• Assignment: Copy the records below exactly, omitting any pictures they contain.

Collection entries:
--------------------------------
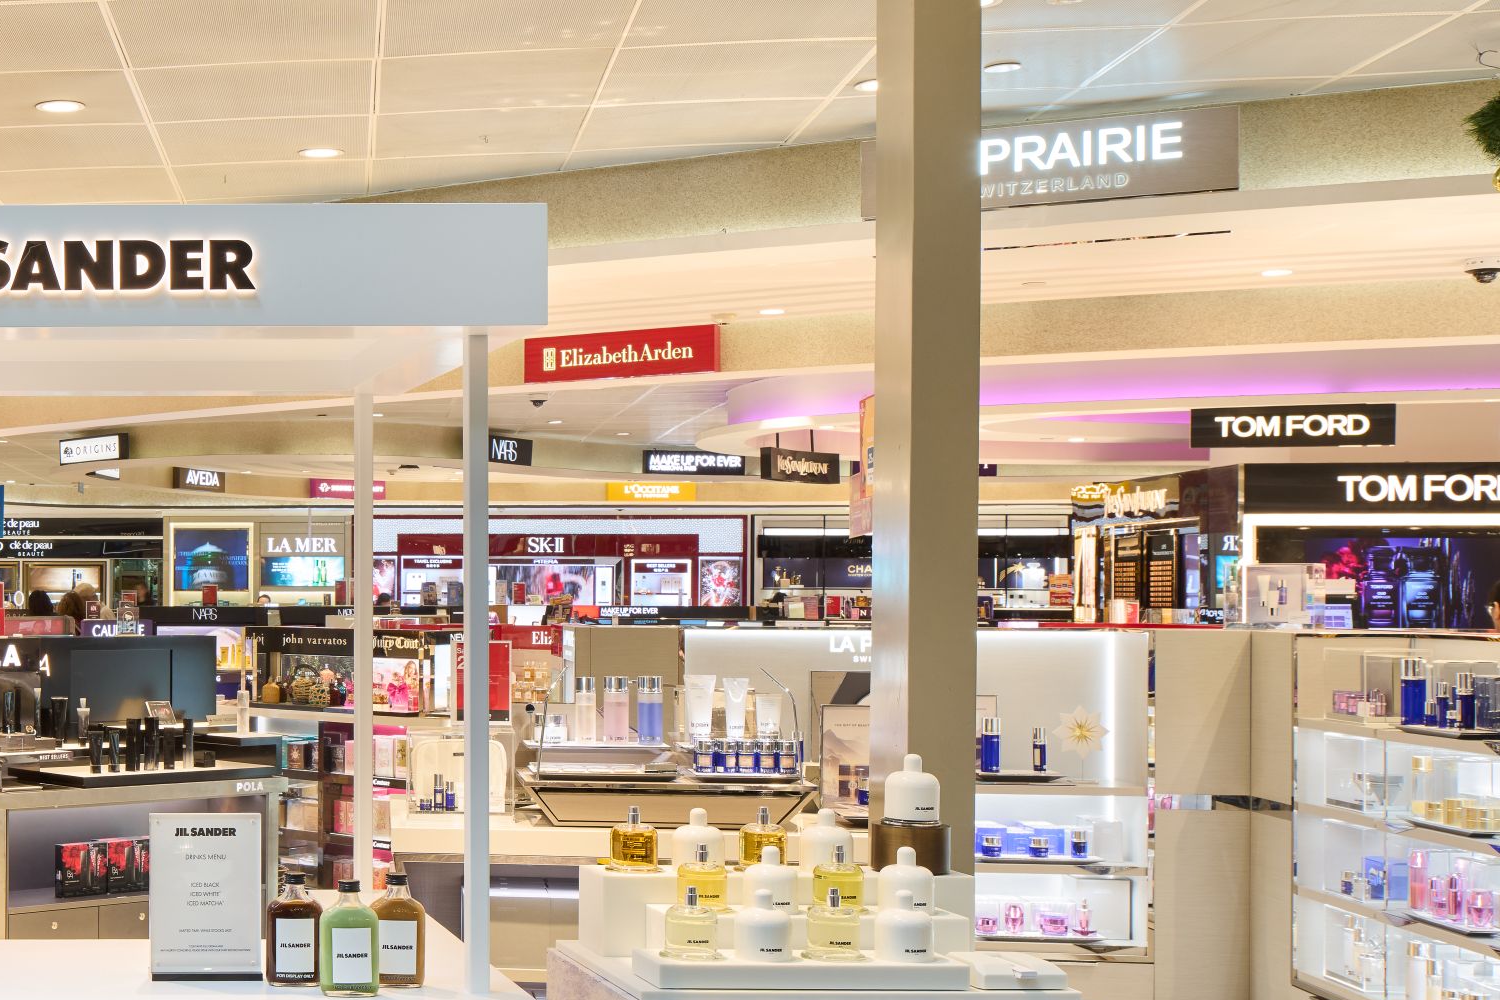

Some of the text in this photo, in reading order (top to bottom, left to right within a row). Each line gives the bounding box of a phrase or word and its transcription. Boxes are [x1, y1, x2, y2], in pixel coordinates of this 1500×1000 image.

[980, 121, 1184, 177] PRAIRIE
[981, 171, 1131, 199] WITZERLAND
[560, 341, 694, 368] Elizabeth Arden
[1214, 413, 1370, 438] TOM FORD
[75, 442, 118, 456] ORIGINS
[491, 438, 518, 462] NARS
[696, 455, 716, 467] FOR
[716, 456, 742, 467] EVER
[185, 469, 220, 487] AVEDA
[1337, 474, 1500, 502] TOM FOR
[267, 537, 338, 553] LA MER
[527, 536, 565, 554] SK-II
[847, 564, 872, 574] CHA
[192, 608, 218, 620] NARS
[92, 624, 145, 637] CAUE
[282, 633, 348, 647] john varvatos
[829, 635, 856, 653] LA
[236, 782, 264, 792] POLA
[174, 827, 237, 837] JIL SANDER
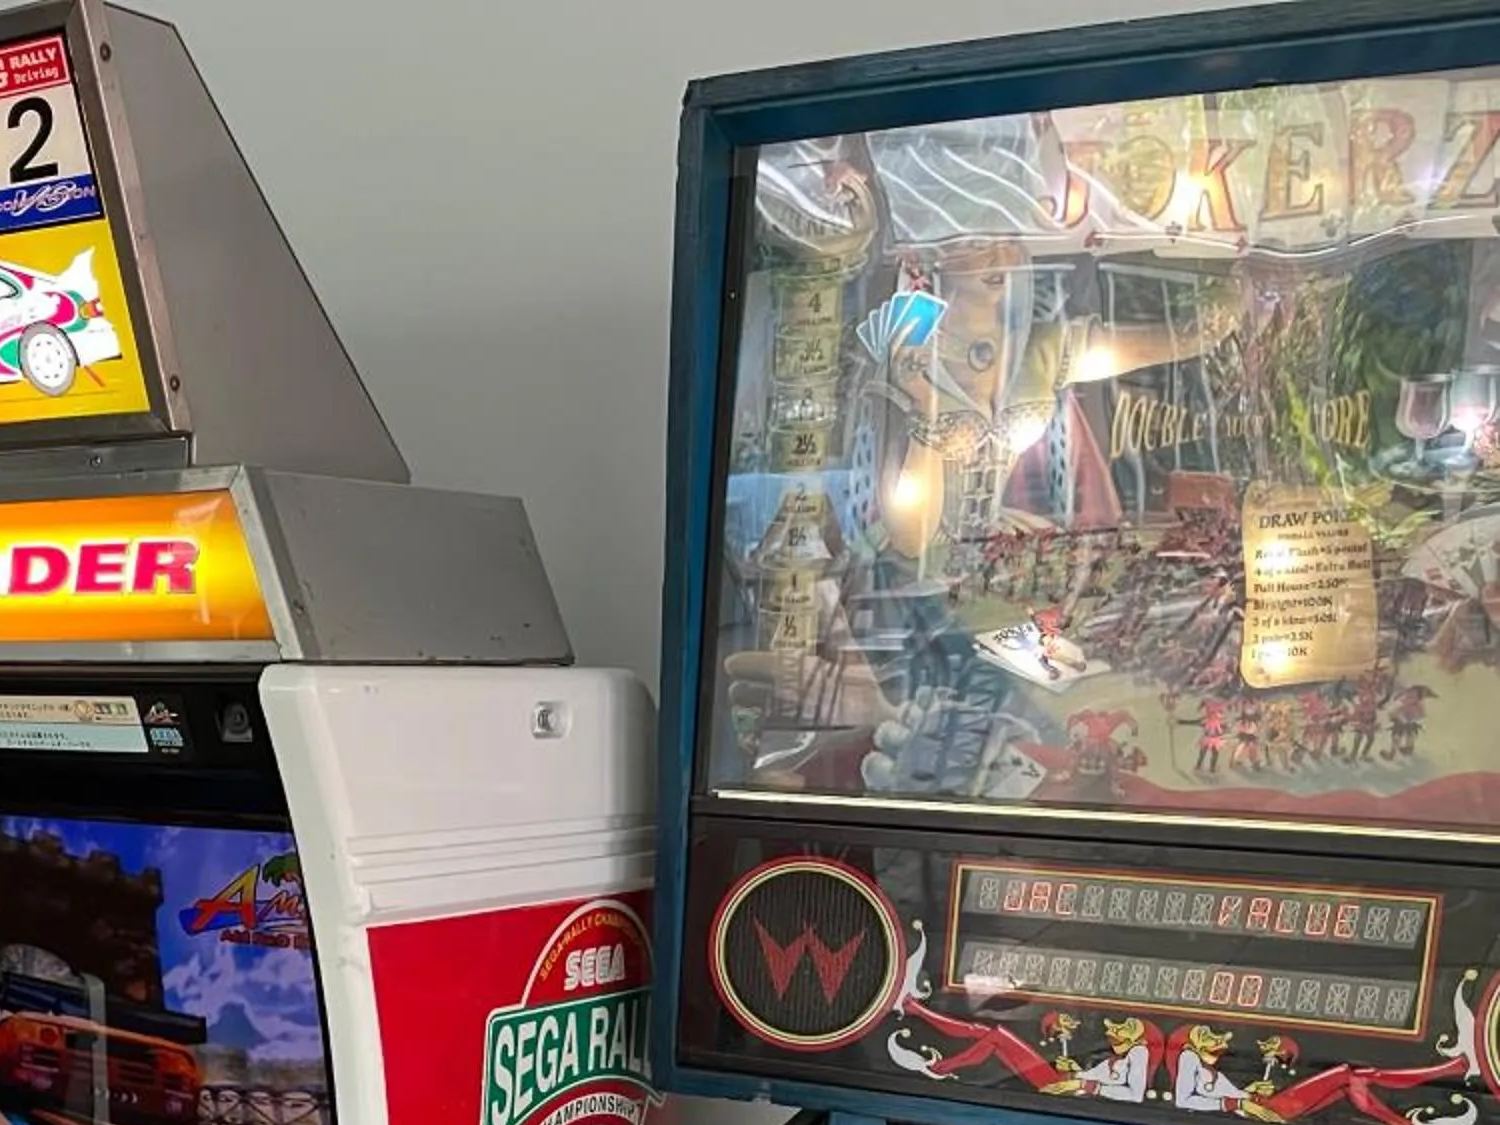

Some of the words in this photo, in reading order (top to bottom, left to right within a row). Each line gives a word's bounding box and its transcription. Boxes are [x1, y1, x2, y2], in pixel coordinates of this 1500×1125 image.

[10, 47, 57, 70] RALLY
[8, 97, 59, 184] 2
[1259, 511, 1308, 529] DRAW
[563, 943, 626, 991] SEGA
[588, 997, 653, 1082] RALL
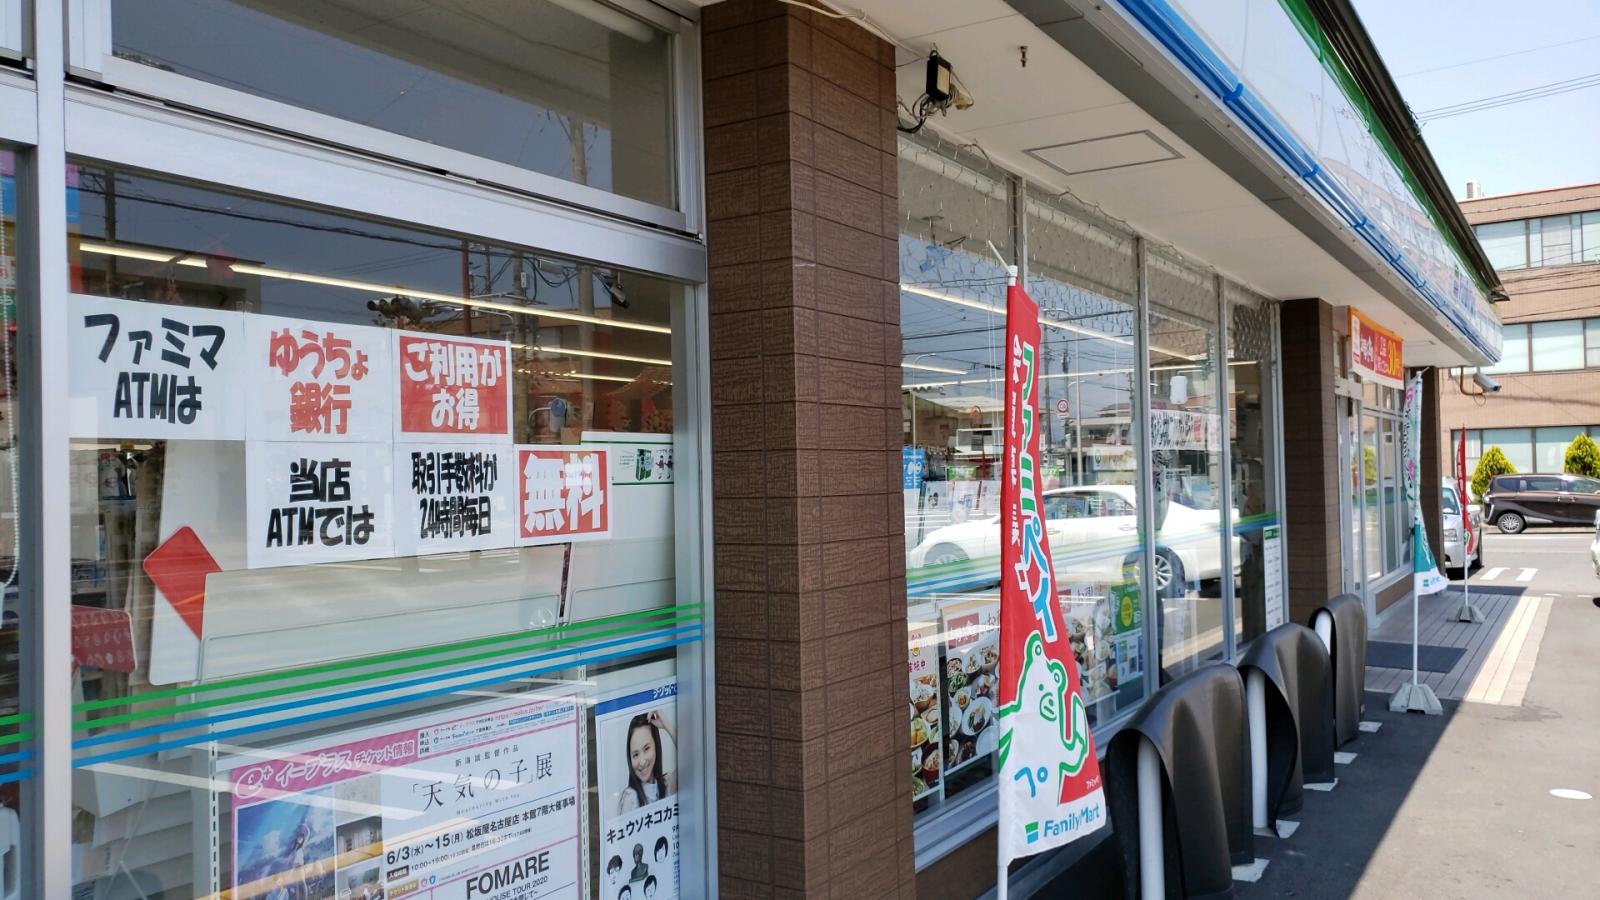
--------------------------------
• Result below:
Some of the text in this photo, in reading order (top to bottom, left to right within a row). Each line gives the bounding box of a phrase or word and its transcription. Boxes are [x1, y1, x2, y2], in pixel coordinates of this 1500×1000 image.

[980, 121, 1184, 177] PRAIRIE
[981, 171, 1131, 199] WITZERLAND
[560, 341, 694, 368] Elizabeth Arden
[1214, 413, 1370, 438] TOM FORD
[75, 442, 118, 456] ORIGINS
[491, 438, 518, 462] NARS
[696, 455, 716, 467] FOR
[716, 456, 742, 467] EVER
[185, 469, 220, 487] AVEDA
[1337, 474, 1500, 502] TOM FOR
[267, 537, 338, 553] LA MER
[527, 536, 565, 554] SK-II
[847, 564, 872, 574] CHA
[192, 608, 218, 620] NARS
[92, 624, 145, 637] CAUE
[282, 633, 348, 647] john varvatos
[829, 635, 856, 653] LA
[236, 782, 264, 792] POLA
[174, 827, 237, 837] JIL SANDER

Some of the words in this photo, in reading order (top to bottom, left to right within a row). Each line gives a word's bounding box and its transcription. Boxes are [x1, y1, x2, y2], in pixel coordinates of this 1500×1125 image.

[10, 47, 57, 70] RALLY
[8, 97, 59, 184] 2
[1259, 511, 1308, 529] DRAW
[563, 943, 626, 991] SEGA
[588, 997, 653, 1082] RALL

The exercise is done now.